So I went to stream a movie (DVD) off my Windows Home Server (Windows Server 2003 based) to my Windows Media Center 2005 (XP 32-bit) and encountered CONSTANT stuttering. The night before I had watched a movie with no problems. I spent about 5 hours trying to figure out what had happened - both machines had a "Your computer was recently updated!" message from automatic updates. I knew I was in serious trouble.
I spent a long time trying to troubleshoot codecs (both audio and video) and going through all manner of issues. I mucked around with the registry on both machines as I narrowed down the problem to horrible, horrible gigabit network performance. I watched the networking performance through Task Manager on the server and saw my network usage NEVER go above 1%.
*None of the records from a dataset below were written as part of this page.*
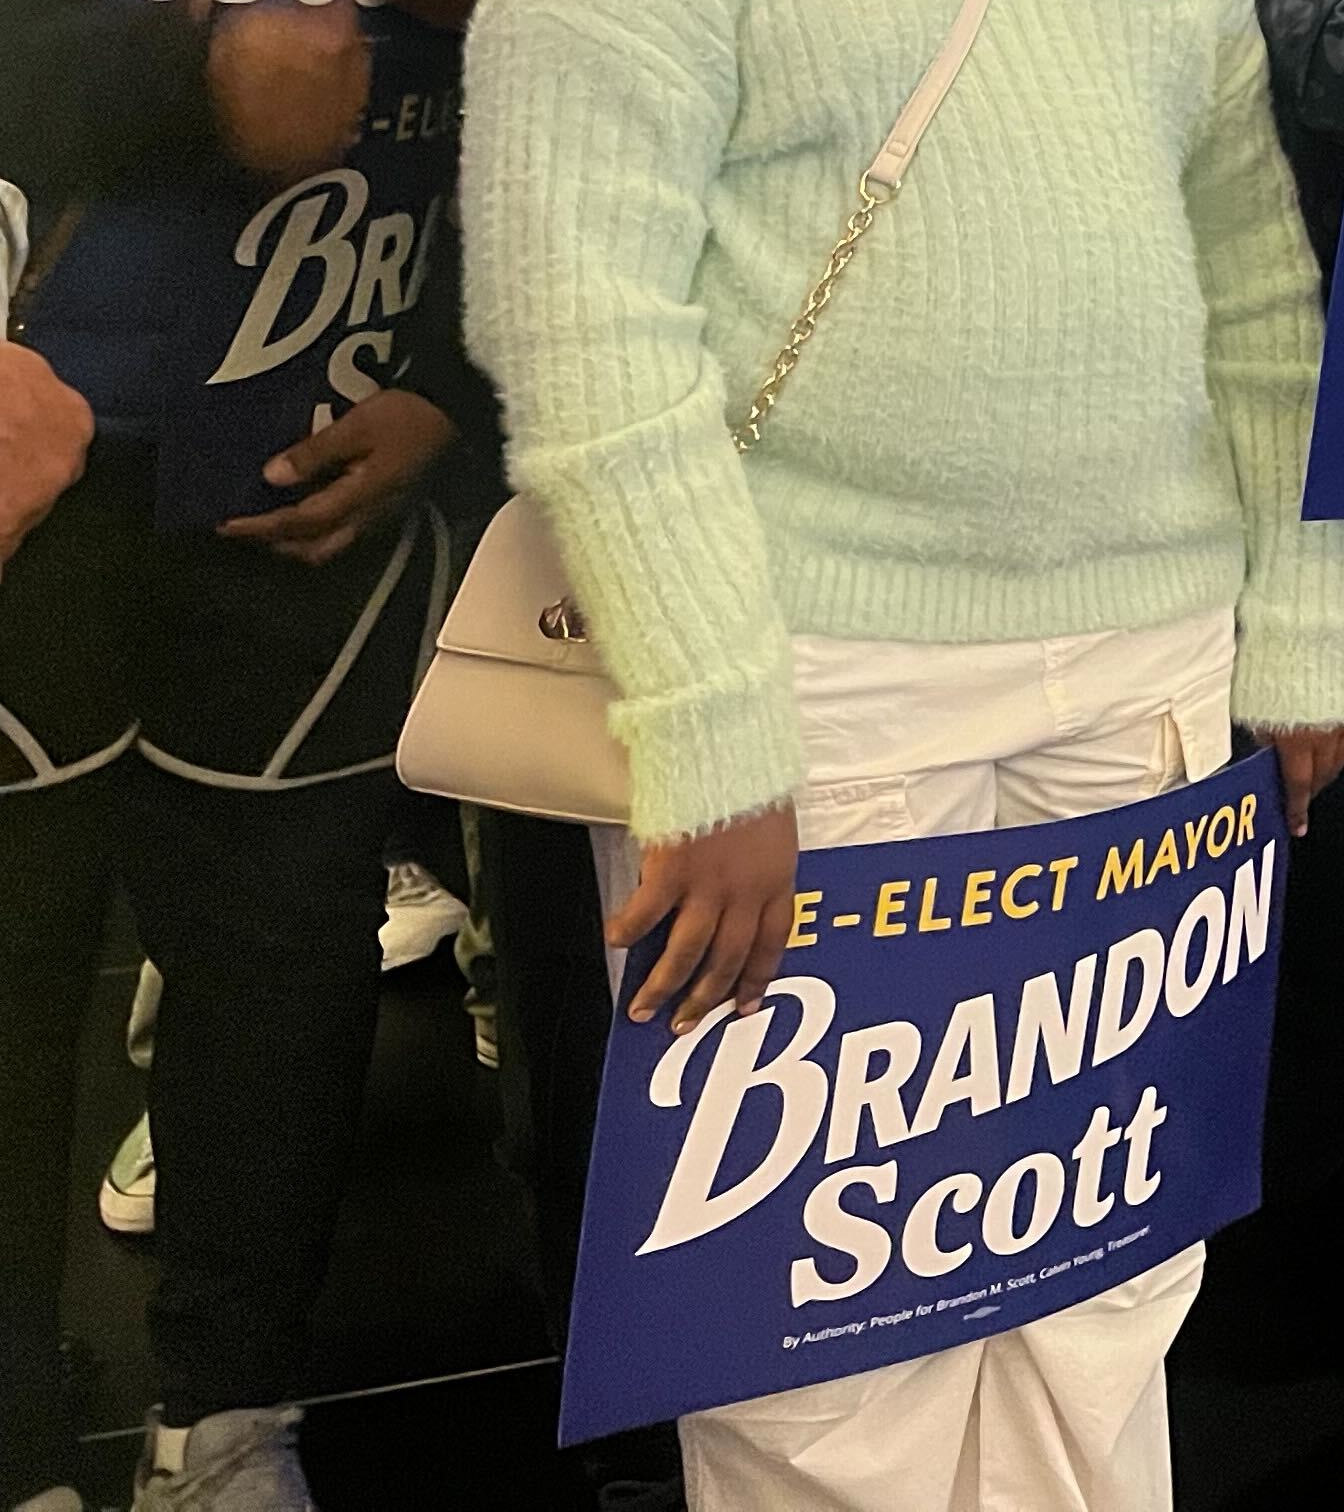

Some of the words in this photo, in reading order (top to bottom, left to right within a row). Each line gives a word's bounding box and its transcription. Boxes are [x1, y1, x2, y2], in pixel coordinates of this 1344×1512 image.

[786, 855, 1079, 949] E-ELECT
[1097, 793, 1257, 900] MAYOR
[635, 839, 1276, 1256] BRANDON
[791, 1086, 1168, 1309] Scott
[783, 1336, 800, 1350] By
[870, 1309, 913, 1329] People
[915, 1303, 935, 1317] for
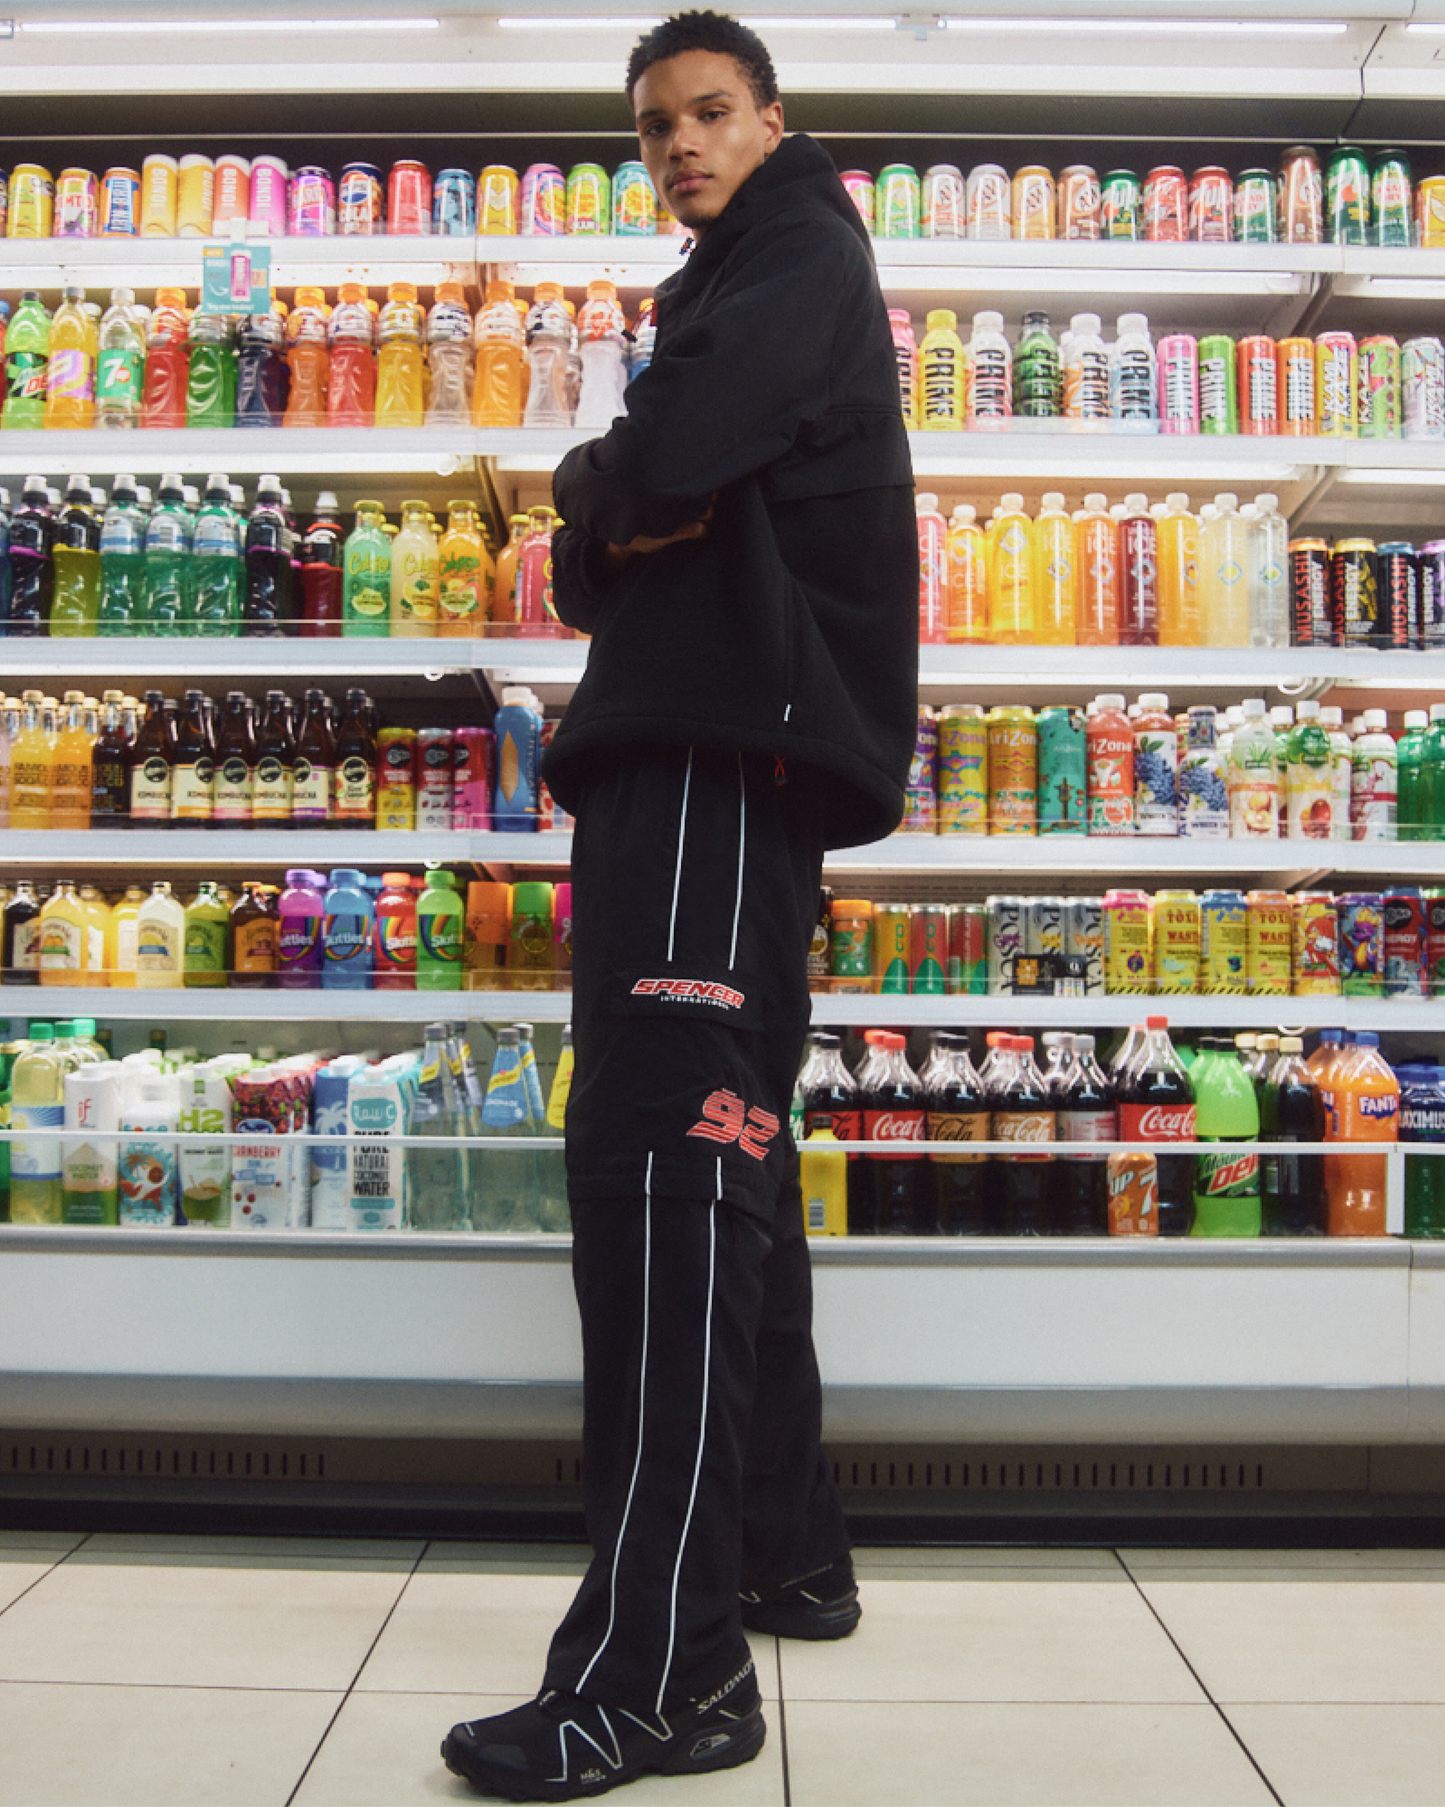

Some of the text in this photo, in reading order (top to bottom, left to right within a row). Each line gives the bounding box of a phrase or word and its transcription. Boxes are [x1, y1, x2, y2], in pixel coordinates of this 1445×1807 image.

Then finally I came across the hotfix from Microsoft to unfuck the hotfix automatic updates kindly installed for me:
http://support.microsoft.com/kb/948496/
Now network utilization hangs out at 25% while copying a 7 GB file across my gigabit network.
And I've learned the lesson I seem to learn every 6 months or so - pretty much every time a new install of Windows or a new PC comes online in my house - disable Automatic Update. If you don't - you will regret it.
Update: I also had to install a hotfix rollup for Windows Media Center 2005 available from Windows Update and reboot the machine to put my network bandwidth consumption at something over 0.5% which is apparently what I need to play DVDs without stutters... though /sigh there is *still* some stuttering but not nearly as bad as before.
Update[2]: FINALLY. I ran across this:
http://www.winaims.com/network_patch.html
So on my Windows Media Center machine I fired up regedit again and did:
HKEY_LOCAL_MACHINE\SYSTEM\CurrentControlSet\Services\lanmanworkstation\parameters
Key: ReadAheadGranularity
Type: DWORD
Value: 0
rebooted, and now network utilization seems to stay at a constant 20% when copying a 6 GB file over my network.
Finally I can sleep with a minor feeling of accomplishment.